Problem description
Every entry, from first to last, is to be written out exactly.

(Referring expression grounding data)
----
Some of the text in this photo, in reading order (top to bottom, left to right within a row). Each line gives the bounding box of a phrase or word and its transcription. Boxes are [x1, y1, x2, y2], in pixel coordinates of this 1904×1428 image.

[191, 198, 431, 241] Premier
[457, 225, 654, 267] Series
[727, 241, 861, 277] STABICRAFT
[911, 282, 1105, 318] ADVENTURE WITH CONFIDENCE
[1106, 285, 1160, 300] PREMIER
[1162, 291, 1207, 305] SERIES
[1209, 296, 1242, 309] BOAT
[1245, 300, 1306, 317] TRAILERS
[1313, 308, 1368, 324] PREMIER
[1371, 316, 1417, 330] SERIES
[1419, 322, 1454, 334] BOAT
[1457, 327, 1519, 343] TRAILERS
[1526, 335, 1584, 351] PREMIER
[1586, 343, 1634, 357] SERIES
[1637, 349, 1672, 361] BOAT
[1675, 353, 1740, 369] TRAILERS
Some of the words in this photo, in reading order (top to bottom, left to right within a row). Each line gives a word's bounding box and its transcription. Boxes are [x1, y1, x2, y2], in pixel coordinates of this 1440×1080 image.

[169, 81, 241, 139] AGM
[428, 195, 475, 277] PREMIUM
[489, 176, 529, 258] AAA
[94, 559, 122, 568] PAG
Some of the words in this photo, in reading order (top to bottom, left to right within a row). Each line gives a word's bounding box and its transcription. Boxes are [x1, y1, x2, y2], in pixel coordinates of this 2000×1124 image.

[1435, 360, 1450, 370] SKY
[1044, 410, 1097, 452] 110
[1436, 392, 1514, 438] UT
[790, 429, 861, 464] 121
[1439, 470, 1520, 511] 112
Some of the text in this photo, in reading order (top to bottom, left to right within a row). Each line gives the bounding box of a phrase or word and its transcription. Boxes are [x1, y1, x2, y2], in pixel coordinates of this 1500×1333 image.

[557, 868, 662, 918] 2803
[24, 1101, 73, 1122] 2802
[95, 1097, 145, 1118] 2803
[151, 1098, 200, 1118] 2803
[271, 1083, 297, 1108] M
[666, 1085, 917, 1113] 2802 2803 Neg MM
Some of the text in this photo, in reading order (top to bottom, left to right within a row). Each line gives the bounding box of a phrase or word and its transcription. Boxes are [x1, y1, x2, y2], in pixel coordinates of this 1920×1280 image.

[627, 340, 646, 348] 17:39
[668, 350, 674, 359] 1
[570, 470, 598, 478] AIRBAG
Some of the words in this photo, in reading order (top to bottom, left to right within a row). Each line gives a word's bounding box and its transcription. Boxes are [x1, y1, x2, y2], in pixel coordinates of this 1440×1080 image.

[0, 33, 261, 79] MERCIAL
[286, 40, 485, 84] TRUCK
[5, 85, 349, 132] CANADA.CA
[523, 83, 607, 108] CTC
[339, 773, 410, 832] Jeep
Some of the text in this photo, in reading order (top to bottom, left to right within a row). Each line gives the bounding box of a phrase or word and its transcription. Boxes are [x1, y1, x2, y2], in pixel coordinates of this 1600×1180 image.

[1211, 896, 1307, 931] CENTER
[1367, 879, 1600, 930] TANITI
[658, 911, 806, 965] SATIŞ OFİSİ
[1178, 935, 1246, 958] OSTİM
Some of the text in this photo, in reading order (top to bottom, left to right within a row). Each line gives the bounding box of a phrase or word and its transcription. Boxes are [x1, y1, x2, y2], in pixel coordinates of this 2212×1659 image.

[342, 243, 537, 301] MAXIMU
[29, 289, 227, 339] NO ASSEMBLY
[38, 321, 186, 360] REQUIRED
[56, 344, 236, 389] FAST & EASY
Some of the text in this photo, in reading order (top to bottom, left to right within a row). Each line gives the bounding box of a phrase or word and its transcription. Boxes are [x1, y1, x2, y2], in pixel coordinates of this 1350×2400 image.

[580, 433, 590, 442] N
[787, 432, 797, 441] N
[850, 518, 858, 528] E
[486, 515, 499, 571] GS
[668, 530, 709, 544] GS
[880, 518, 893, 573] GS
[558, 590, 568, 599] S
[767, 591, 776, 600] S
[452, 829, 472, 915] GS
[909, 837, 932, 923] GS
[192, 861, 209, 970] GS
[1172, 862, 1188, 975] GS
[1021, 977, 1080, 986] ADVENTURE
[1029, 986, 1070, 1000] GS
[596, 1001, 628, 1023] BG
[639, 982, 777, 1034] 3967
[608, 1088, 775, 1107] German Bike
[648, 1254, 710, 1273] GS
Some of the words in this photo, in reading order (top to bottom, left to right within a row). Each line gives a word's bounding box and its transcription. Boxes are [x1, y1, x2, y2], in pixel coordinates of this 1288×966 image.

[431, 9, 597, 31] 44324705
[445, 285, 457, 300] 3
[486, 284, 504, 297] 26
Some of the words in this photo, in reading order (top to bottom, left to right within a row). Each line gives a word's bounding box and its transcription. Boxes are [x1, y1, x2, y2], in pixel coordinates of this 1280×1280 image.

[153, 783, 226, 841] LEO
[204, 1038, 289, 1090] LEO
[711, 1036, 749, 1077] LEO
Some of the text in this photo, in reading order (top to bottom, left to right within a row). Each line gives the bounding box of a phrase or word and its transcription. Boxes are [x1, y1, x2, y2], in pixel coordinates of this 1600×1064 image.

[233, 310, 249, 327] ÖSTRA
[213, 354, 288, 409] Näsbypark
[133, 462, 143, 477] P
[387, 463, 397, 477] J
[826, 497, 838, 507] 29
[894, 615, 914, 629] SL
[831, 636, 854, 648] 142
----
Solution to the problem
Some of the text in this photo, in reading order (top to bottom, left to right within a row). Each line gives the bounding box of a phrase or word and its transcription. Boxes are [x1, y1, x2, y2], in pixel coordinates of this 1904×1428 image.

[191, 198, 431, 241] Premier
[457, 225, 654, 267] Series
[727, 241, 861, 277] STABICRAFT
[911, 282, 1105, 318] ADVENTURE WITH CONFIDENCE
[1106, 285, 1160, 300] PREMIER
[1162, 291, 1207, 305] SERIES
[1209, 296, 1242, 309] BOAT
[1245, 300, 1306, 317] TRAILERS
[1313, 308, 1368, 324] PREMIER
[1371, 316, 1417, 330] SERIES
[1419, 322, 1454, 334] BOAT
[1457, 327, 1519, 343] TRAILERS
[1526, 335, 1584, 351] PREMIER
[1586, 343, 1634, 357] SERIES
[1637, 349, 1672, 361] BOAT
[1675, 353, 1740, 369] TRAILERS
Some of the words in this photo, in reading order (top to bottom, left to right within a row). Each line gives a word's bounding box and its transcription. Boxes are [x1, y1, x2, y2], in pixel coordinates of this 1440×1080 image.

[169, 81, 241, 139] AGM
[428, 195, 475, 277] PREMIUM
[489, 176, 529, 258] AAA
[94, 559, 122, 568] PAG
Some of the words in this photo, in reading order (top to bottom, left to right within a row). Each line gives a word's bounding box and its transcription. Boxes are [x1, y1, x2, y2], in pixel coordinates of this 2000×1124 image.

[1435, 360, 1450, 370] SKY
[1044, 410, 1097, 452] 110
[1436, 392, 1514, 438] UT
[790, 429, 861, 464] 121
[1439, 470, 1520, 511] 112
Some of the text in this photo, in reading order (top to bottom, left to right within a row). Each line gives the bounding box of a phrase or word and its transcription. Boxes are [x1, y1, x2, y2], in pixel coordinates of this 1500×1333 image.

[557, 868, 662, 918] 2803
[24, 1101, 73, 1122] 2802
[95, 1097, 145, 1118] 2803
[151, 1098, 200, 1118] 2803
[271, 1083, 297, 1108] M
[666, 1085, 917, 1113] 2802 2803 Neg MM
Some of the text in this photo, in reading order (top to bottom, left to right within a row). Each line gives the bounding box of a phrase or word and its transcription. Boxes are [x1, y1, x2, y2], in pixel coordinates of this 1920×1280 image.

[627, 340, 646, 348] 17:39
[668, 350, 674, 359] 1
[570, 470, 598, 478] AIRBAG
Some of the words in this photo, in reading order (top to bottom, left to right within a row). Each line gives a word's bounding box and its transcription. Boxes are [x1, y1, x2, y2], in pixel coordinates of this 1440×1080 image.

[0, 33, 261, 79] MERCIAL
[286, 40, 485, 84] TRUCK
[5, 85, 349, 132] CANADA.CA
[523, 83, 607, 108] CTC
[339, 773, 410, 832] Jeep
Some of the text in this photo, in reading order (top to bottom, left to right within a row). Each line gives the bounding box of a phrase or word and its transcription. Boxes are [x1, y1, x2, y2], in pixel coordinates of this 1600×1180 image.

[1211, 896, 1307, 931] CENTER
[1367, 879, 1600, 930] TANITI
[658, 911, 806, 965] SATIŞ OFİSİ
[1178, 935, 1246, 958] OSTİM
Some of the text in this photo, in reading order (top to bottom, left to right within a row). Each line gives the bounding box of a phrase or word and its transcription. Boxes are [x1, y1, x2, y2], in pixel coordinates of this 2212×1659 image.

[342, 243, 537, 301] MAXIMU
[29, 289, 227, 339] NO ASSEMBLY
[38, 321, 186, 360] REQUIRED
[56, 344, 236, 389] FAST & EASY
Some of the text in this photo, in reading order (top to bottom, left to right within a row). Each line gives the bounding box of a phrase or word and its transcription. Boxes are [x1, y1, x2, y2], in pixel coordinates of this 1350×2400 image.

[580, 433, 590, 442] N
[787, 432, 797, 441] N
[850, 518, 858, 528] E
[486, 515, 499, 571] GS
[668, 530, 709, 544] GS
[880, 518, 893, 573] GS
[558, 590, 568, 599] S
[767, 591, 776, 600] S
[452, 829, 472, 915] GS
[909, 837, 932, 923] GS
[192, 861, 209, 970] GS
[1172, 862, 1188, 975] GS
[1021, 977, 1080, 986] ADVENTURE
[1029, 986, 1070, 1000] GS
[596, 1001, 628, 1023] BG
[639, 982, 777, 1034] 3967
[608, 1088, 775, 1107] German Bike
[648, 1254, 710, 1273] GS
Some of the words in this photo, in reading order (top to bottom, left to right within a row). Each line gives a word's bounding box and its transcription. Boxes are [x1, y1, x2, y2], in pixel coordinates of this 1288×966 image.

[431, 9, 597, 31] 44324705
[445, 285, 457, 300] 3
[486, 284, 504, 297] 26
Some of the words in this photo, in reading order (top to bottom, left to right within a row). Each line gives a word's bounding box and its transcription. Boxes are [x1, y1, x2, y2], in pixel coordinates of this 1280×1280 image.

[153, 783, 226, 841] LEO
[204, 1038, 289, 1090] LEO
[711, 1036, 749, 1077] LEO
Some of the text in this photo, in reading order (top to bottom, left to right within a row). Each line gives the bounding box of a phrase or word and its transcription. Boxes are [x1, y1, x2, y2], in pixel coordinates of this 1600×1064 image.

[233, 310, 249, 327] ÖSTRA
[213, 354, 288, 409] Näsbypark
[133, 462, 143, 477] P
[387, 463, 397, 477] J
[826, 497, 838, 507] 29
[894, 615, 914, 629] SL
[831, 636, 854, 648] 142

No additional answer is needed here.